While they can be effective when applied in the correct circumstance, there is a current industry trend for using reverse auctions when procuring strategic services. Such inappropriate use not only puts suppliers at an unfair loss, it also disadvantages the buyers implementing the tool.

Reverse auctions, also known as e-auctions, involve companies that wish to buy a product having competing suppliers bid against each other in order to drive down the price. Reverse auctions are not a new instrument in the procurement toolbox – they have been around since the 1990s, and there has been much research into how they work and when they can aid companies in selecting the right supplier for the products or services they are seeking [1,2]. When used in the correct scenario, reverse auctions can be quite effective.

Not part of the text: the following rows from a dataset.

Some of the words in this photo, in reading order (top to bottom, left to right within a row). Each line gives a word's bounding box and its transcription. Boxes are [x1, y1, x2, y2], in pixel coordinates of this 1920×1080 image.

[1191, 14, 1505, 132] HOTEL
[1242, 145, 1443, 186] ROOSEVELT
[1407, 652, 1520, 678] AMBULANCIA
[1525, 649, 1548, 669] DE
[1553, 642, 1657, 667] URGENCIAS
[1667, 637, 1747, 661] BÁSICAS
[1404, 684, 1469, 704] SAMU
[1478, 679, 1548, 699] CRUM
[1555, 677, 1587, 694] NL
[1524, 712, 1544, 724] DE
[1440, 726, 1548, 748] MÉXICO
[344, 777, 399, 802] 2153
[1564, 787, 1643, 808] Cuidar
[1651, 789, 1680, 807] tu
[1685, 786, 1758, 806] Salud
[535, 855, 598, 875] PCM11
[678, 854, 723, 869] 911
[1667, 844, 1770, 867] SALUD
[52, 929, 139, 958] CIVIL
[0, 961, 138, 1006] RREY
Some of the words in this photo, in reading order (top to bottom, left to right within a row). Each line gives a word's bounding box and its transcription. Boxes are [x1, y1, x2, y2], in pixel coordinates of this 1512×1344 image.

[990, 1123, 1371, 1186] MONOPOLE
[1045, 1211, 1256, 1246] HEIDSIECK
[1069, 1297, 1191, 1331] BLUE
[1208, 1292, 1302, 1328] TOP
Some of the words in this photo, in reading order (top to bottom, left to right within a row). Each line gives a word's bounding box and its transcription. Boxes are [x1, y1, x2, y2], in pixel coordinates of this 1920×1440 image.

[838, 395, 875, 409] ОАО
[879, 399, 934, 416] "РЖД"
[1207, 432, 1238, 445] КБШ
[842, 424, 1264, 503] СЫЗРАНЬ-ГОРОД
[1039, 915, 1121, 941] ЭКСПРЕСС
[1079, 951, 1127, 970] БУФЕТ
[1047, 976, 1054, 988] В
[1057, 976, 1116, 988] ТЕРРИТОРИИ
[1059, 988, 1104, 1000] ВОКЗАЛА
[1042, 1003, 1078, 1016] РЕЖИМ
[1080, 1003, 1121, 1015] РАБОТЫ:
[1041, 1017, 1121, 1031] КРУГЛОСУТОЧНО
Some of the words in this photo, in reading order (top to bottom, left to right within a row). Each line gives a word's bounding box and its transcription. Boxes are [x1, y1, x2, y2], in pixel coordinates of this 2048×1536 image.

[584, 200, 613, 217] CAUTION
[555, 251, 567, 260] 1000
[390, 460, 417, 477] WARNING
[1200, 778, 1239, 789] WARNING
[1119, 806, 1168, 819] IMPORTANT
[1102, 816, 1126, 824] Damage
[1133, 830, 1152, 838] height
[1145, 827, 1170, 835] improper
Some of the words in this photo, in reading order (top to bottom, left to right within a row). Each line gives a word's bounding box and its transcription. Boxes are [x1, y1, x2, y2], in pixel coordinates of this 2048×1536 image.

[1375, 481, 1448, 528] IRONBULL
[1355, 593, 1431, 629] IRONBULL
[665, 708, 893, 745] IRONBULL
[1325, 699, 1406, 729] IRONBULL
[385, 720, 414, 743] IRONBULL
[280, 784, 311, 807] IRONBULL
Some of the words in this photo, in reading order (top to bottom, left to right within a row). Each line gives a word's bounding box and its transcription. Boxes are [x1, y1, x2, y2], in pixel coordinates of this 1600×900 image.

Unfortunately, however, a trend has developed in the pharmaceutical industry for using this tool to procure services of strategic clinical research providers – fulfilling none of the criteria for appropriate use of reverse auctions. The following outlines the many reasons why reverse auctions are not the right option for these types of services.


A clear description of the types of goods and services that are best suited to using reverse auctions has arisen out of research around their use in procurement [1-5]. What we know is that reverse auctions work well when the product or service being purchased is simple, well defined, non-strategic in nature for the buyer, and requires little collaboration between the buyer and the supplier [1,4,5]. There should be several suppliers offering the service, and they should have the capacity and skill-set to do it well [2]. Ideally, there must be little variance among supplier capabilities to ensure that the suppliers participating in the auction are comparable. It must also be possible to precisely specify the scope of the service sought, with a thorough and unambiguous description of all the requirements. One article states that “specifiability” is the most important criterion in determining if a reverse auction is appropriate [6].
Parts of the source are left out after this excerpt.